[Opening GIVEN ENTRIES section]
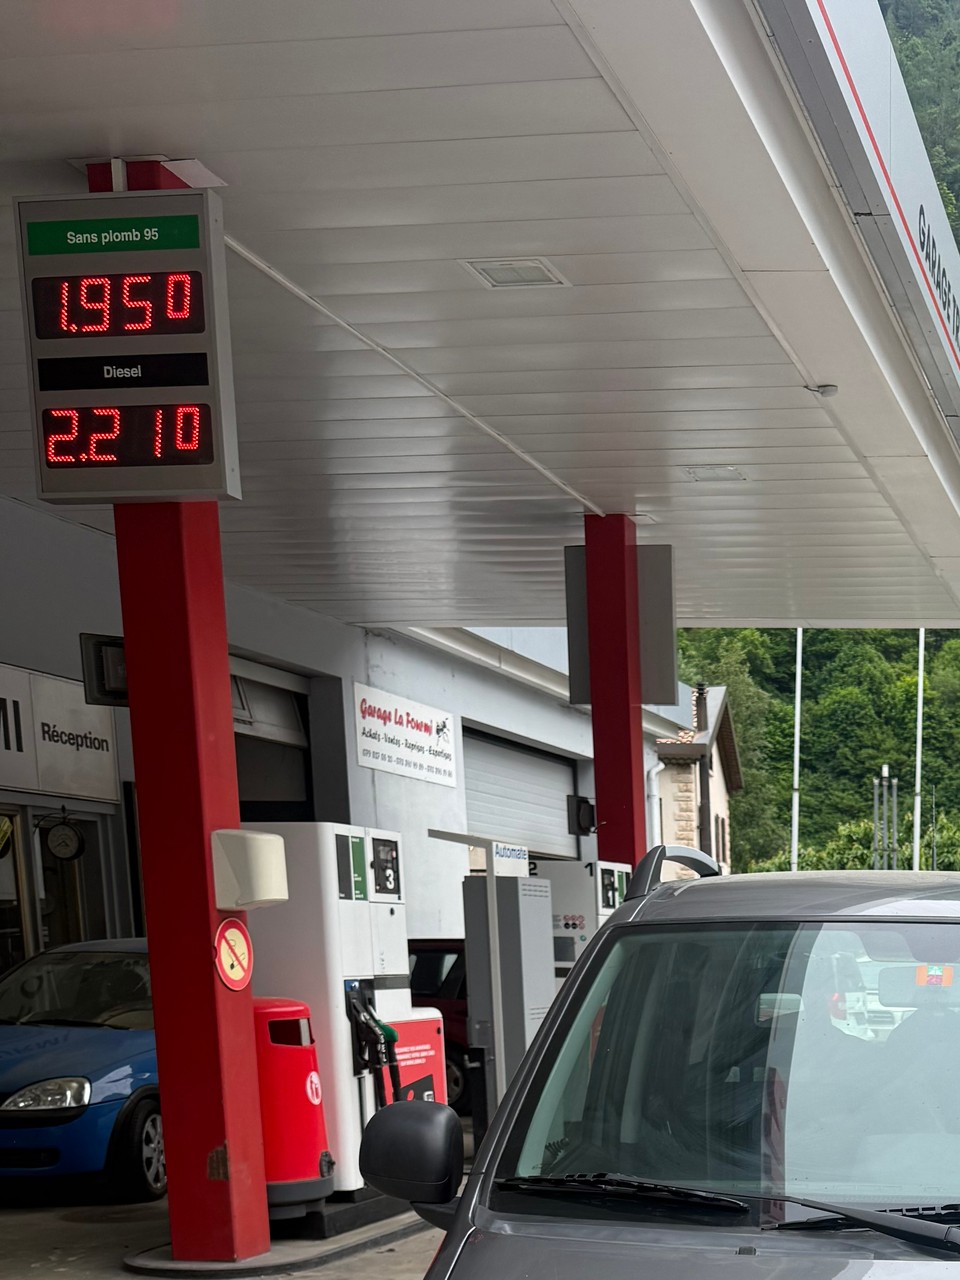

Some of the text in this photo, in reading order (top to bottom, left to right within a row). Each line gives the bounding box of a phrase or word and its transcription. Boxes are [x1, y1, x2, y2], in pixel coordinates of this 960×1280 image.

[67, 228, 159, 245] Sans plomb 95
[918, 204, 951, 325] GARAGE
[103, 364, 142, 379] Diesel
[360, 697, 392, 727] Garage
[394, 708, 404, 728] La
[41, 721, 110, 752] Réception
[495, 843, 528, 860] Automate
[528, 861, 538, 876] 2
[584, 862, 594, 877] 1
[385, 868, 395, 890] 3
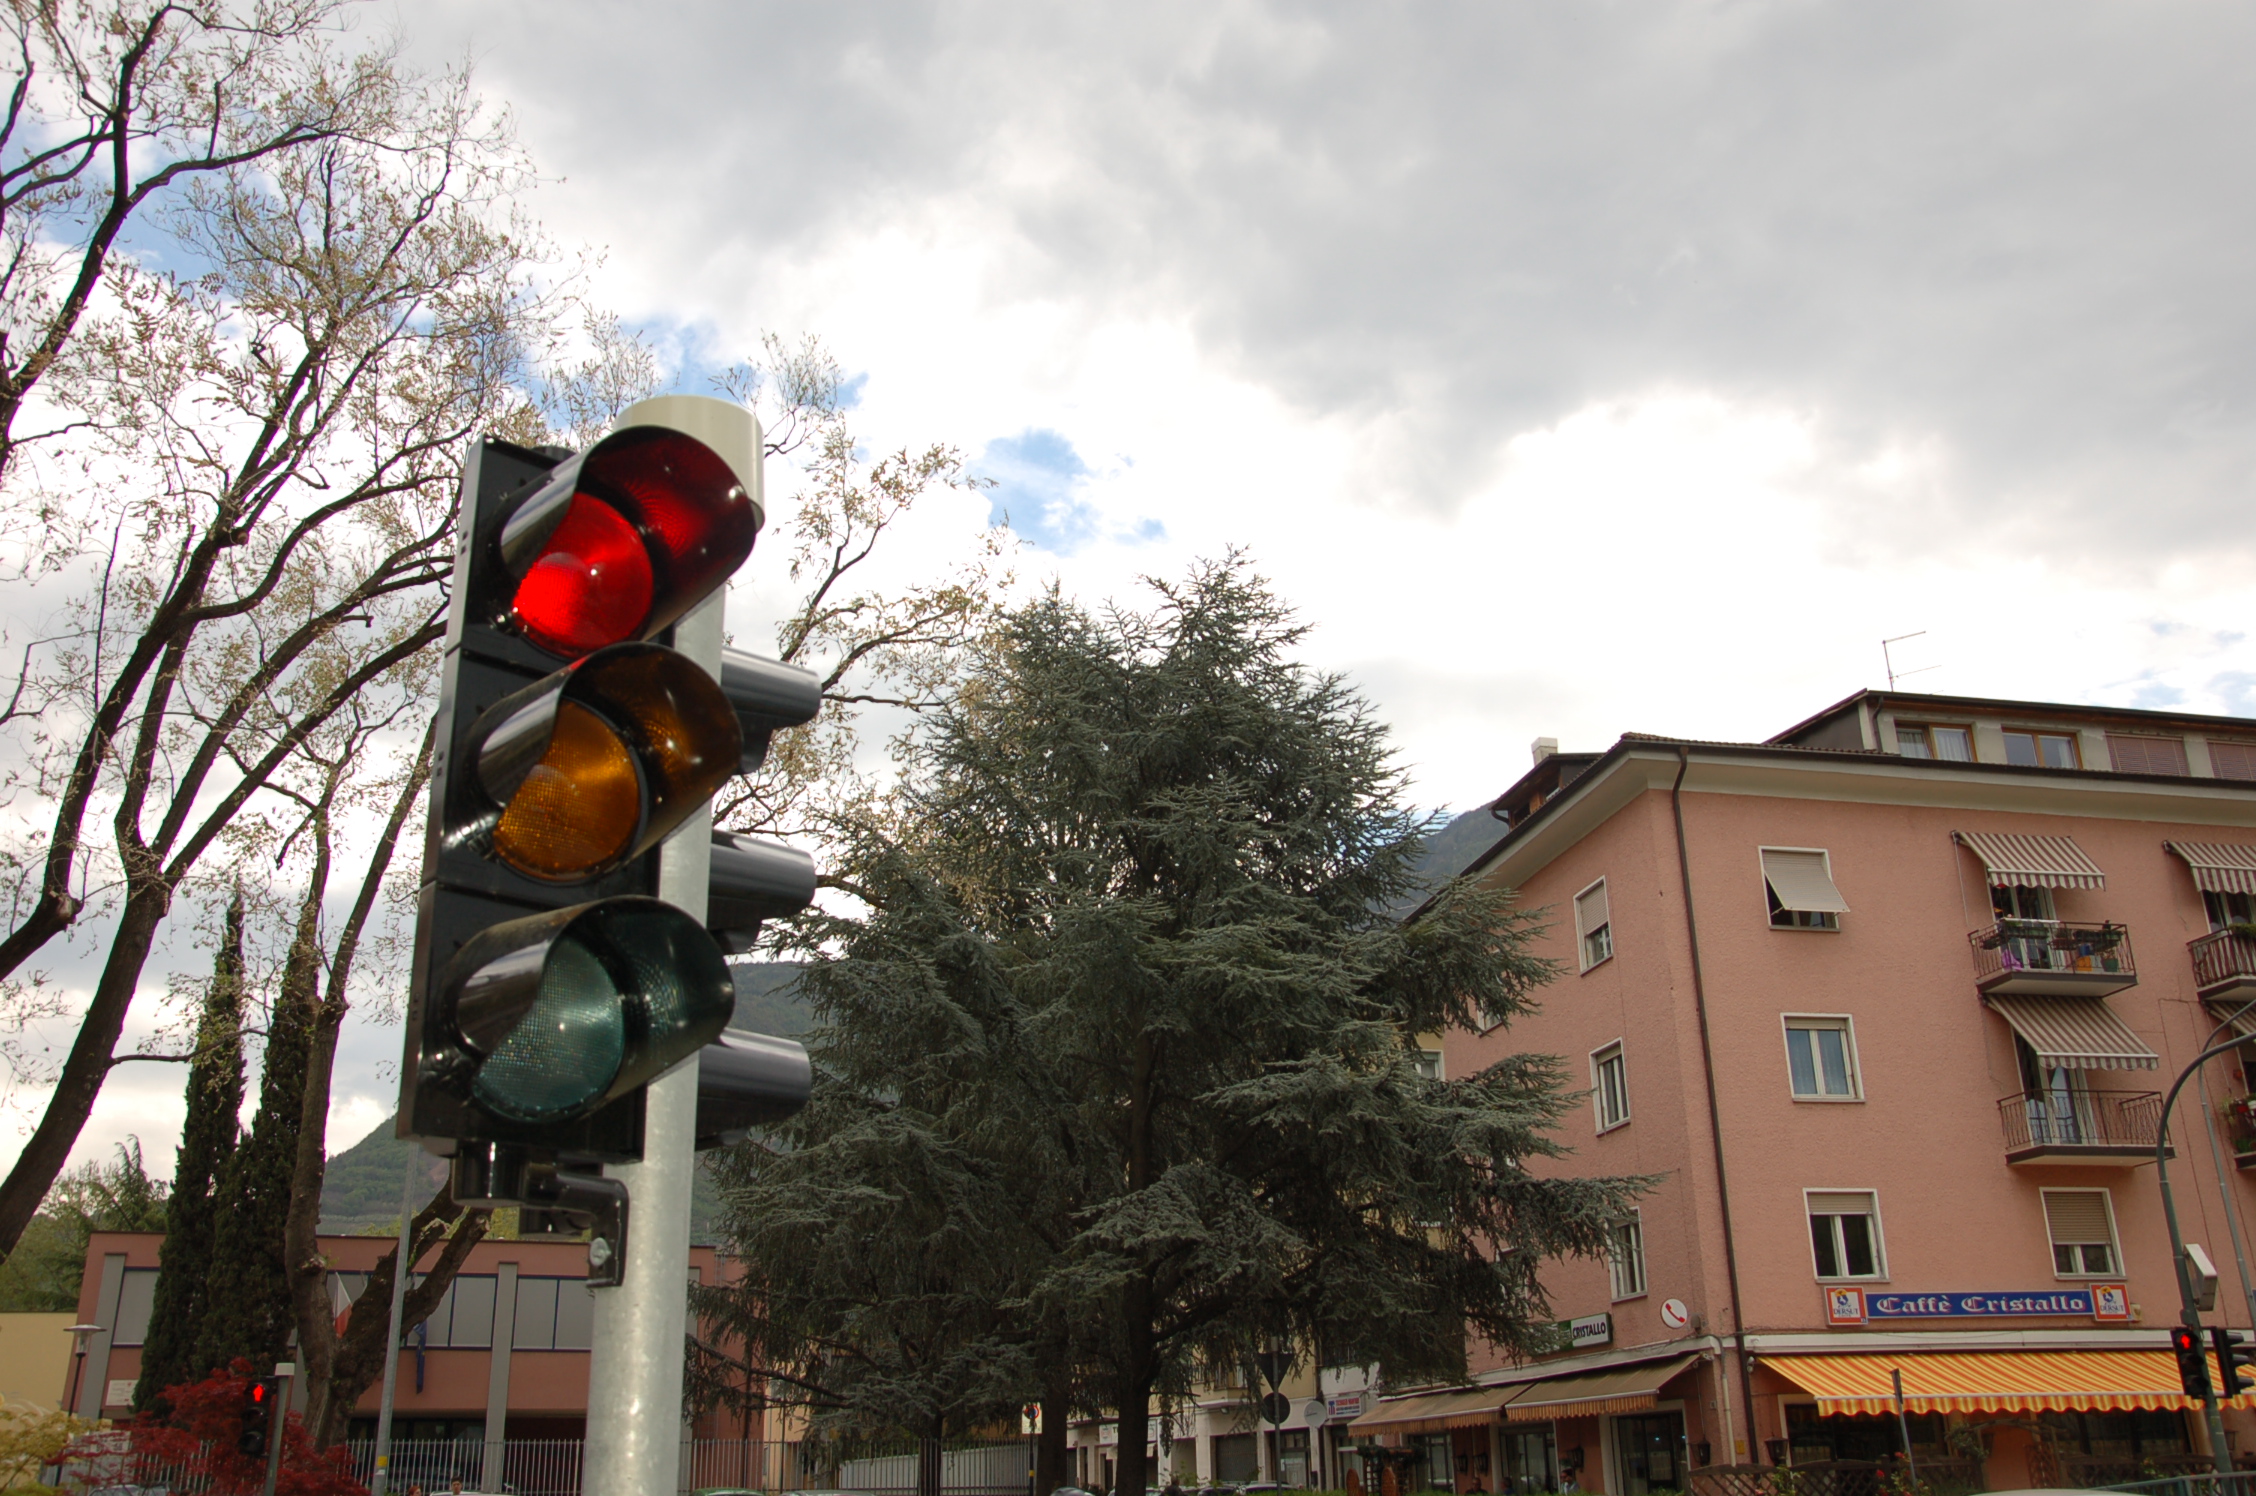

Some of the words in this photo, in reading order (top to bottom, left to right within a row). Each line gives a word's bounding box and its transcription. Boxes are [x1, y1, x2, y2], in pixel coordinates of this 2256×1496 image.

[1876, 1294, 1951, 1314] Caffè
[1961, 1295, 2085, 1314] Cristallo
[1572, 1322, 1606, 1339] CRISTALLO
[Closing GIVEN ENTRIES section]
◆ **TASK OBJECTIVE**
What is needed is an exact reprint of every entry, pictures excluded.

◆ **RESPONSE BELOW**
Some of the text in this photo, in reading order (top to bottom, left to right within a row). Each line gives the bounding box of a phrase or word and its transcription. Boxes are [x1, y1, x2, y2], in pixel coordinates of this 960×1280 image.

[67, 228, 159, 245] Sans plomb 95
[918, 204, 951, 325] GARAGE
[103, 364, 142, 379] Diesel
[360, 697, 392, 727] Garage
[394, 708, 404, 728] La
[41, 721, 110, 752] Réception
[495, 843, 528, 860] Automate
[528, 861, 538, 876] 2
[584, 862, 594, 877] 1
[385, 868, 395, 890] 3

Some of the words in this photo, in reading order (top to bottom, left to right within a row). Each line gives a word's bounding box and its transcription. Boxes are [x1, y1, x2, y2], in pixel coordinates of this 2256×1496 image.

[1876, 1294, 1951, 1314] Caffè
[1961, 1295, 2085, 1314] Cristallo
[1572, 1322, 1606, 1339] CRISTALLO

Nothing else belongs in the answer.